Start of RECORDS SUPPLIED
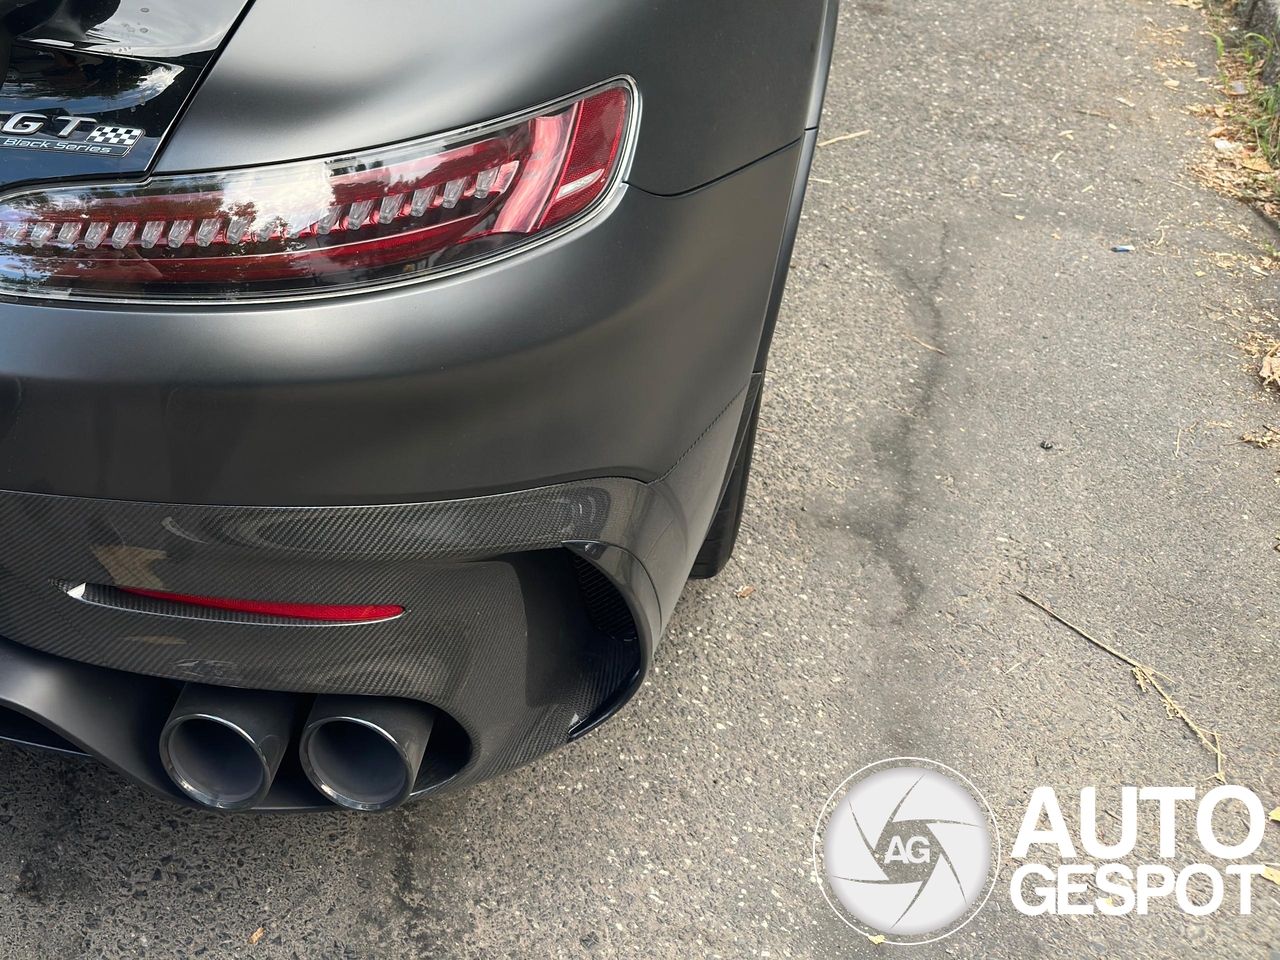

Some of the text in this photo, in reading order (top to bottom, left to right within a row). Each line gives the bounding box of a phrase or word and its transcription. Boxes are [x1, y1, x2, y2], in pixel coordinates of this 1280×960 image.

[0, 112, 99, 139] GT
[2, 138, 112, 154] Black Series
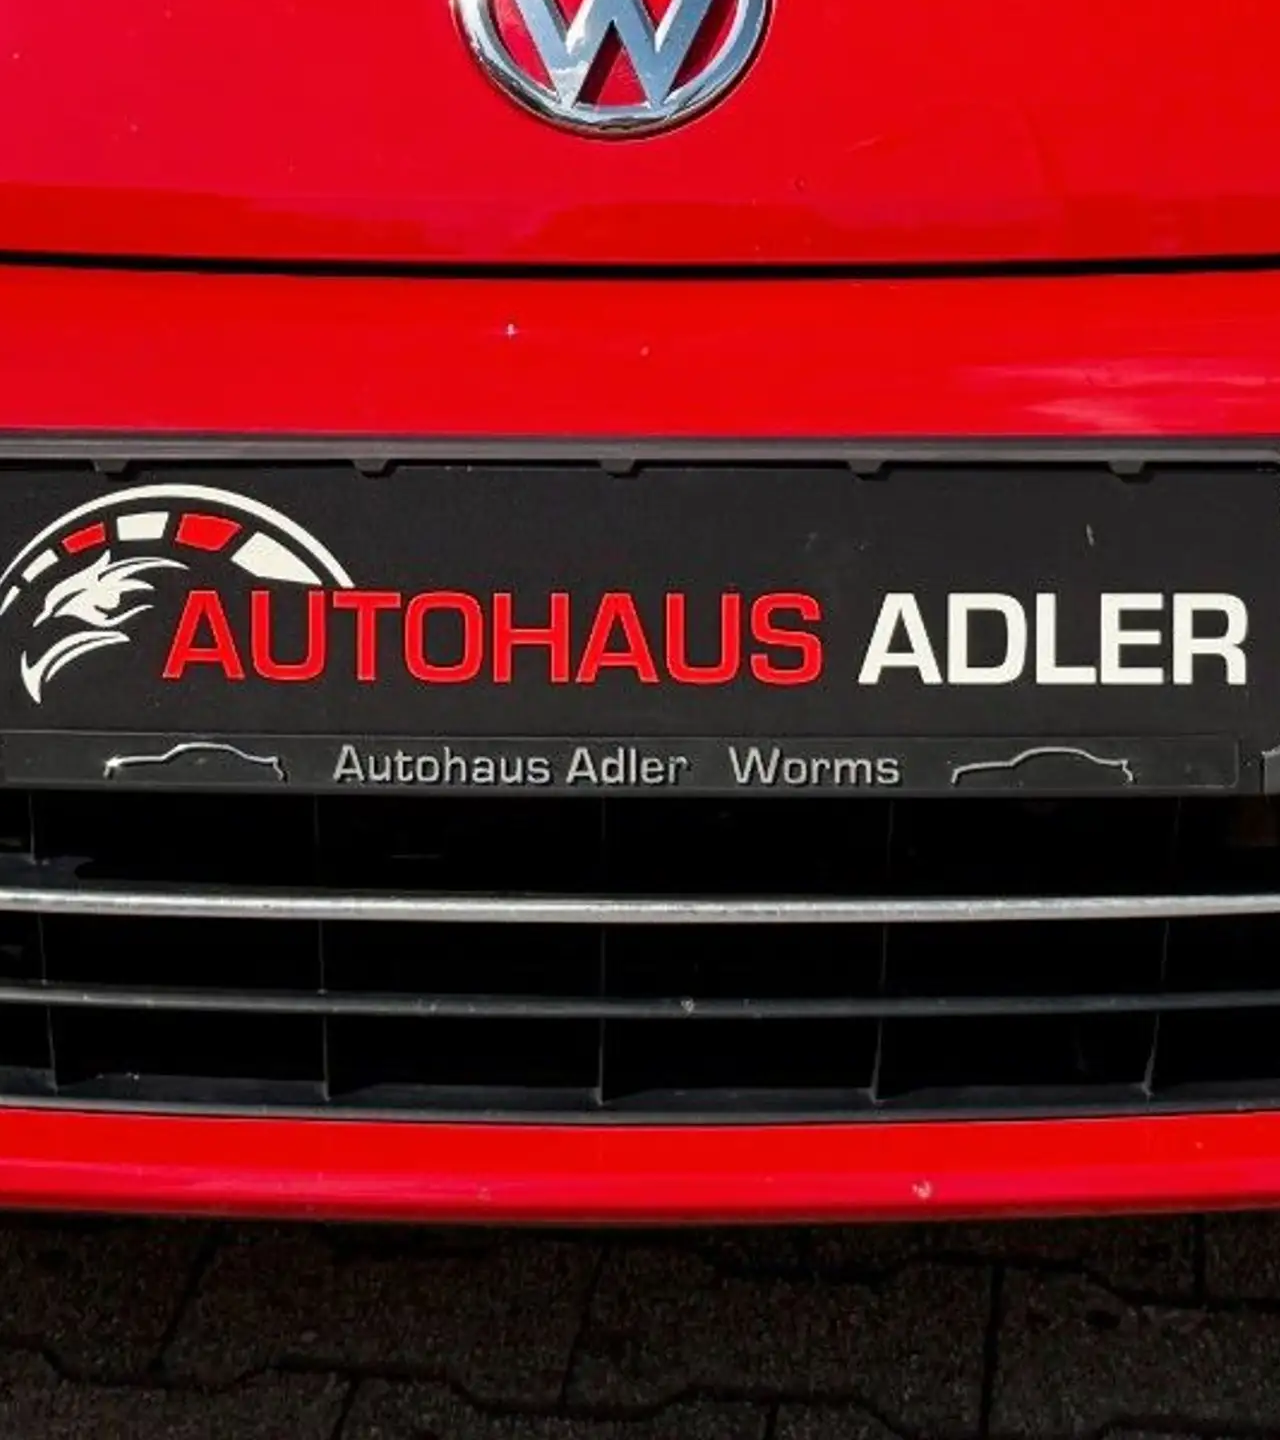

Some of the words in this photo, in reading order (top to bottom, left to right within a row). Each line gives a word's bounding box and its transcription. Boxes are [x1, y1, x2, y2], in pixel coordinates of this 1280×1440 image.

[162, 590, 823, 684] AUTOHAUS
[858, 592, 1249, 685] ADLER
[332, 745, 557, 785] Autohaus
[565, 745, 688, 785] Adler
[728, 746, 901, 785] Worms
End of RECORDS SUPPLIED
**TASK PROMPT**
Transcribe the records above exactly, leaving out every picture.

**RESPONSE**
Some of the text in this photo, in reading order (top to bottom, left to right within a row). Each line gives the bounding box of a phrase or word and its transcription. Boxes are [x1, y1, x2, y2], in pixel coordinates of this 1280×960 image.

[0, 112, 99, 139] GT
[2, 138, 112, 154] Black Series

Some of the words in this photo, in reading order (top to bottom, left to right within a row). Each line gives a word's bounding box and its transcription. Boxes are [x1, y1, x2, y2], in pixel coordinates of this 1280×1440 image.

[162, 590, 823, 684] AUTOHAUS
[858, 592, 1249, 685] ADLER
[332, 745, 557, 785] Autohaus
[565, 745, 688, 785] Adler
[728, 746, 901, 785] Worms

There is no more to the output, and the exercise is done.